About a week ago, in a hotel room in New York City, I threw up my hands in triumph. I actually shouted out “hell yeah!” and stood up, victorious. I had just beaten the crap out of Deathstroke, and it was just so satisfying.
That’s the experience Warner Bros Interactive Entertainment is seeking to deliver with Batman: Arkham Origins, and why they let us play a boss fight.
“We want to make sure players earn their blackbelt in being Batman before the end of the game. We want you to get really good at the game by the time you’re at the heart of it,” said Michael McIntyre, gameplay director for Origins. The goal is to teach the player at the same rate that Batman learns, matching “his progressions system in lockstep with the player’s progression.” Ultimately, you should feel like Batman has improved to the point that he can take on just about anyone when you’re at the game’s climax and moving into the third act, rather than just for the final battle.
In Batman: Arkham Origins, the Black Mask puts out a massive bounty on the head of the new up-and-coming vigilante Batman, leading eight deadly assassins to come to Gotham City on one Christmas Eve night.

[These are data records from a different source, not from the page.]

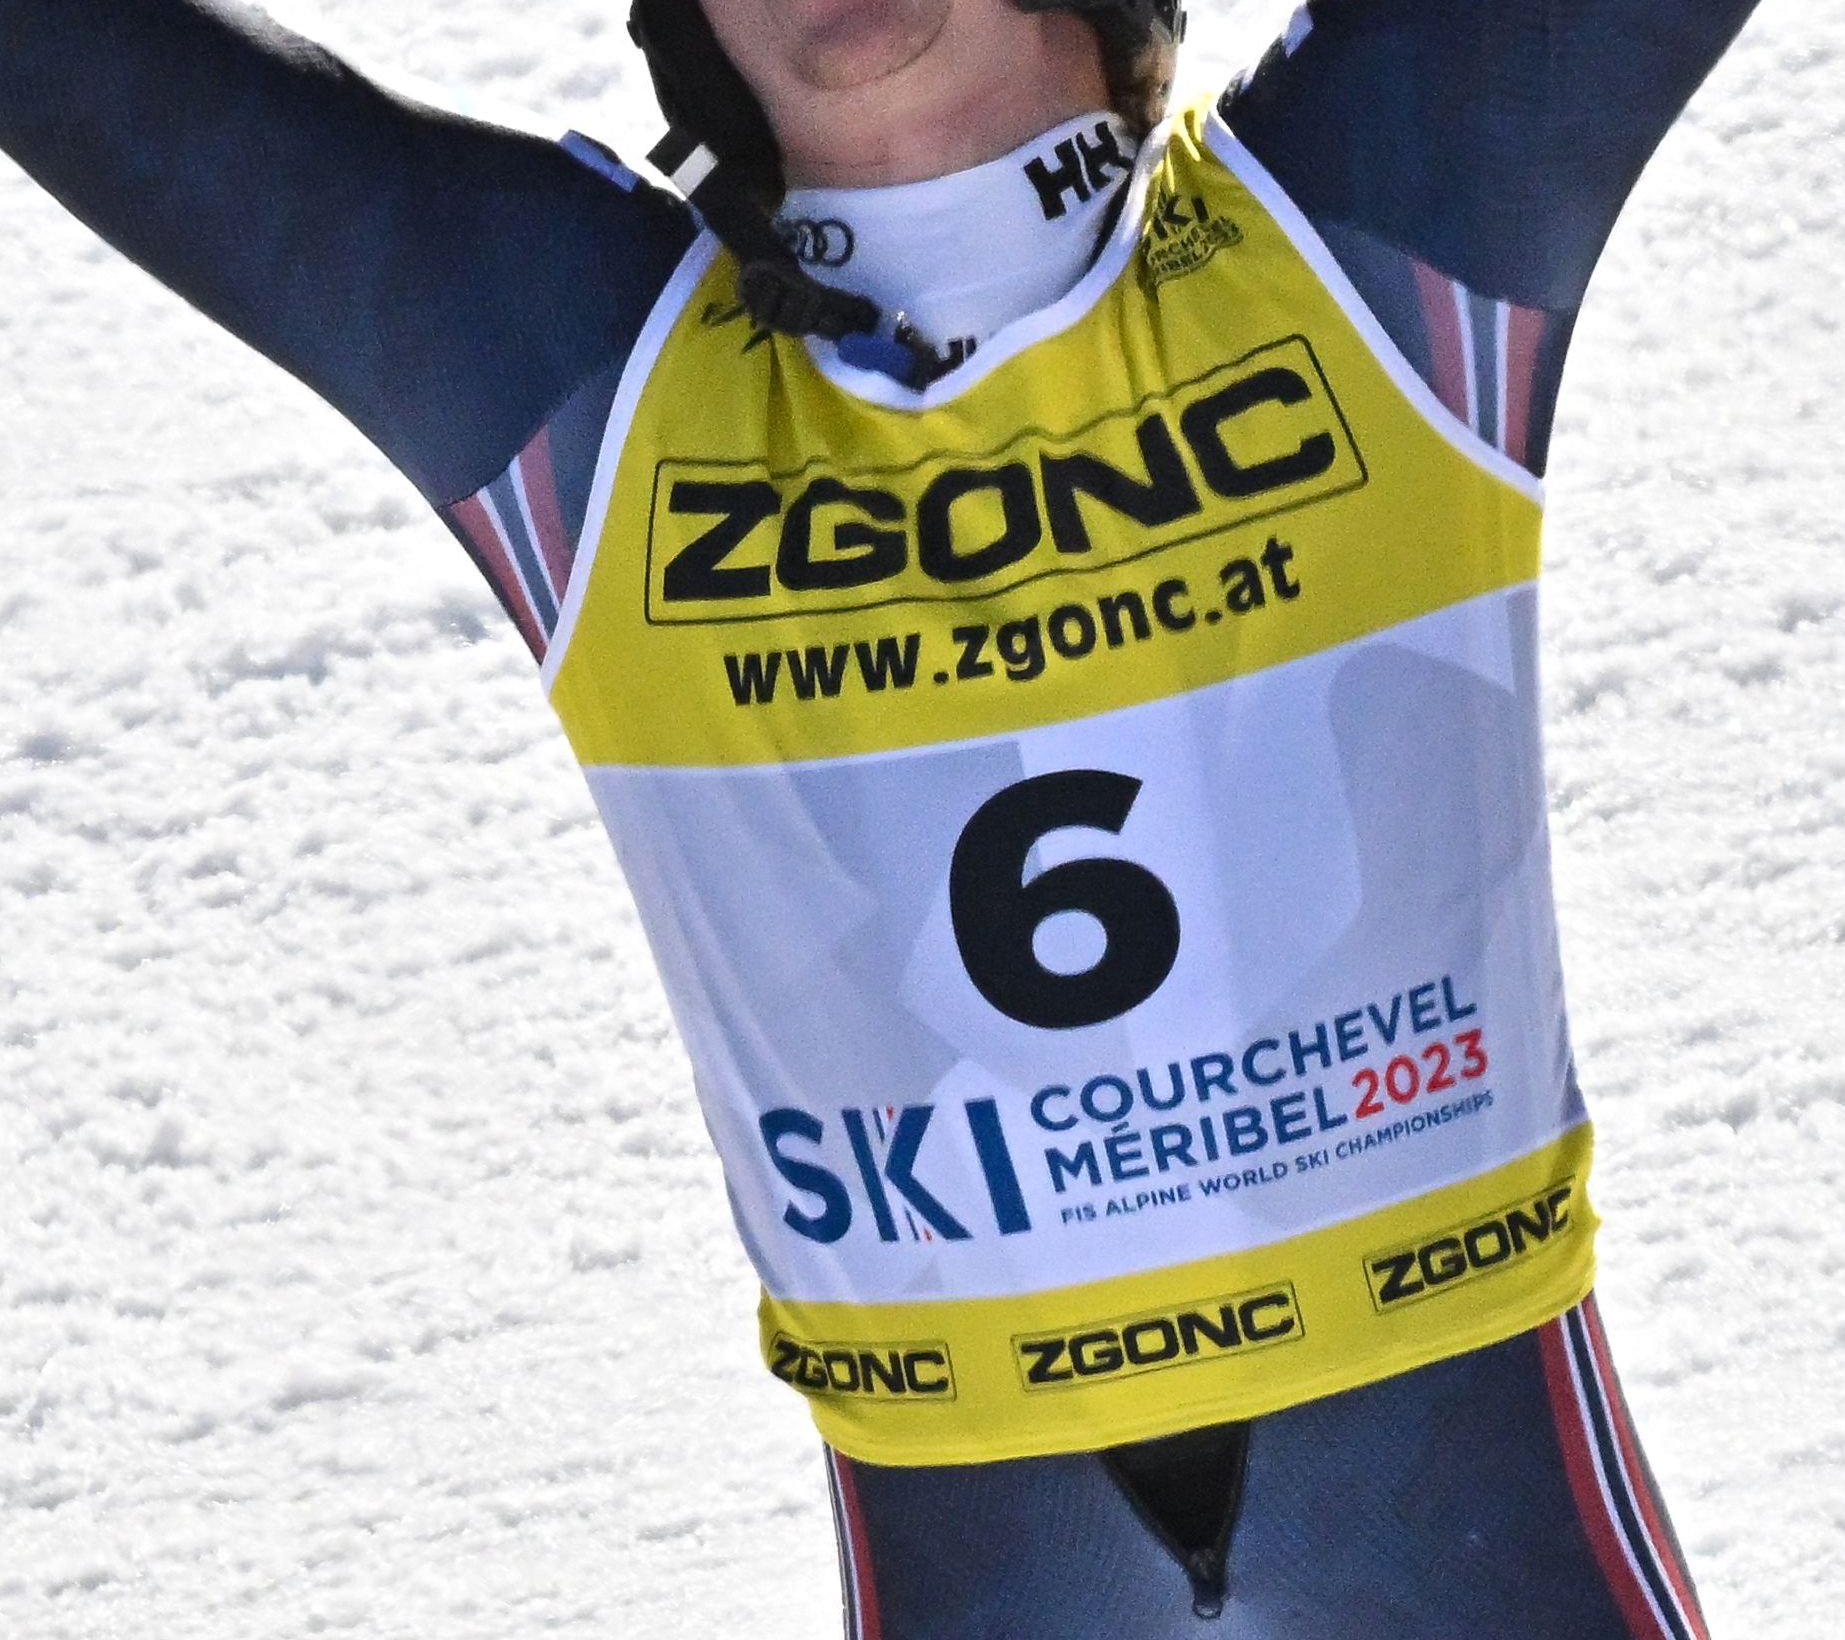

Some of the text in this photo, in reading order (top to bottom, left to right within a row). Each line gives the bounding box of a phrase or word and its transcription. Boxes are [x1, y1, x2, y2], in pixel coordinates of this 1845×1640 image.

[663, 367, 1335, 601] ZGONC
[724, 536, 1300, 706] www.zgonc.at
[949, 769, 1180, 1030] 6
[1030, 975, 1477, 1132] COURCHEVEL
[1044, 1028, 1488, 1193] MÉRIBEL 2023
[759, 1096, 1031, 1244] SKI
[1060, 1089, 1495, 1225] FIS ALPINE WORLD SKI CHAMPIONSHIPS
[1372, 1187, 1572, 1303] ZGONC
[771, 1339, 949, 1394] ZGONC
[1020, 1291, 1294, 1383] ZGONC

Batman has to take down the assassins, find and stop Black Mask, and deal with some of his other more typical rogues gallery along the way. The assassins serve as the boss battles, and each will be the culmination of knowledge – of both Batman and the player – so far.
“If you’re fighting just to scrape by, you’re actually going to lose to the assassins,” McIntyre told Newsarama. “Assassin boss fights are the driving force behind the game,” added Senior Producer Ben Mattes. “It’s all about building skills – yours and Batman’s – to the point that you can apply them in boss fights with the eight core assassins.”
So, how will you know you’re ready for each match-up? Well, a new grading system in your average thug-beating skirmishes will help let you know if you’re prepared. You’ll get graded based on your efficiency, combos, use of gadgets, and how much of a beating you took while dishing it out. Even that is put into the game not just as a gameplay addition, but as a piece of the overall narrative.
“The narrative mapping of the grading system for fights is Batman recognizing and assessing himself. It’s Batman needing to up his game,” Mattes said. “This is the night Batman goes from the masked vigilante to the Dark Knight.”
The section of story we saw brought Batman up against one of the main side stories of the game, a high-level mob war brewing between The Penguin and the Falcone family. We see Batman take down some low-level henchmen using a mix of stealth and the freeflow combat system the previous games in the series have made popular, finally busting in on an interrogation between Penguin and the young Alberto Falcone. When Batman comes in, the interrogation switches over to Batman taking on Penguin – until Deathstroke pulls Batman out the window with a grapnel, bringing him to an arena-like ground area outside.
When handing over the controls so we could take a stab at this boss battle, which takes place about an hour and a half into the game for an average player, they explained, McIntyre told us “the Assassin battles are the master class,” and in this instance we were earning our degree in freeflow combat. Each assassin will likewise have a particular bit of combat, a part of being Batman, that is linked to the boss fight.
“Deathstroke is a great character to show how our skills came together,” as at this point the young Batman is learning to hone his aggressive nature into an efficient fighting machine, the WBIE duo said. “He fights a lot like Batman, particularly with the ability of his to counter the player’s attack.”
The boss fights will also often introduce something new to Batman’s arsenal – in this case, Deathstroke uses a remote batclaw gadget against Batman, which he then acquires at the end of the match. “This isn’t Megaman,” McIntyre cautioned, “when we introduce every gadget we want it to fit in narratively.” So while this particular instance sees Batman getting the gadget used against him, don’t expect to get a jetpack or flamethrower from Firefly after that battle. Everything serves the story, something the team said they learned from the prior games.
As for the battle against Deathstroke, it’s all about timing. Using your freeflow combos, using gadgets in battle, and timing your counters (and your counter-counters when Deathstroke initiates them), eventually you’re treated to a nice, satisfying beatdown of Slade in a three-tier fight sequence that includes him being unmasked and taking out his signature sword. It’s an exhilarating fight, and challenging one – if you’ve played the prior two games in the Arkham series, you should be able to handle him, but McIntyre and Mattes stressed that if you haven’t, you should be at the point in the game that you’re set.
Batman: Arkham Origins is about Batman becoming Batman, but WBIE is clearly making it almost as much about you becoming Batman. On October 25, 2013, we’ll certainly be ready to don the cape and cowl and take down Deathstroke (and the other assassins) once more.
Batman: Arkham Origins ships October 25, 2013 for PlayStation 3, Xbox 360, and PC. The game was demoed to us on the PlayStation 3.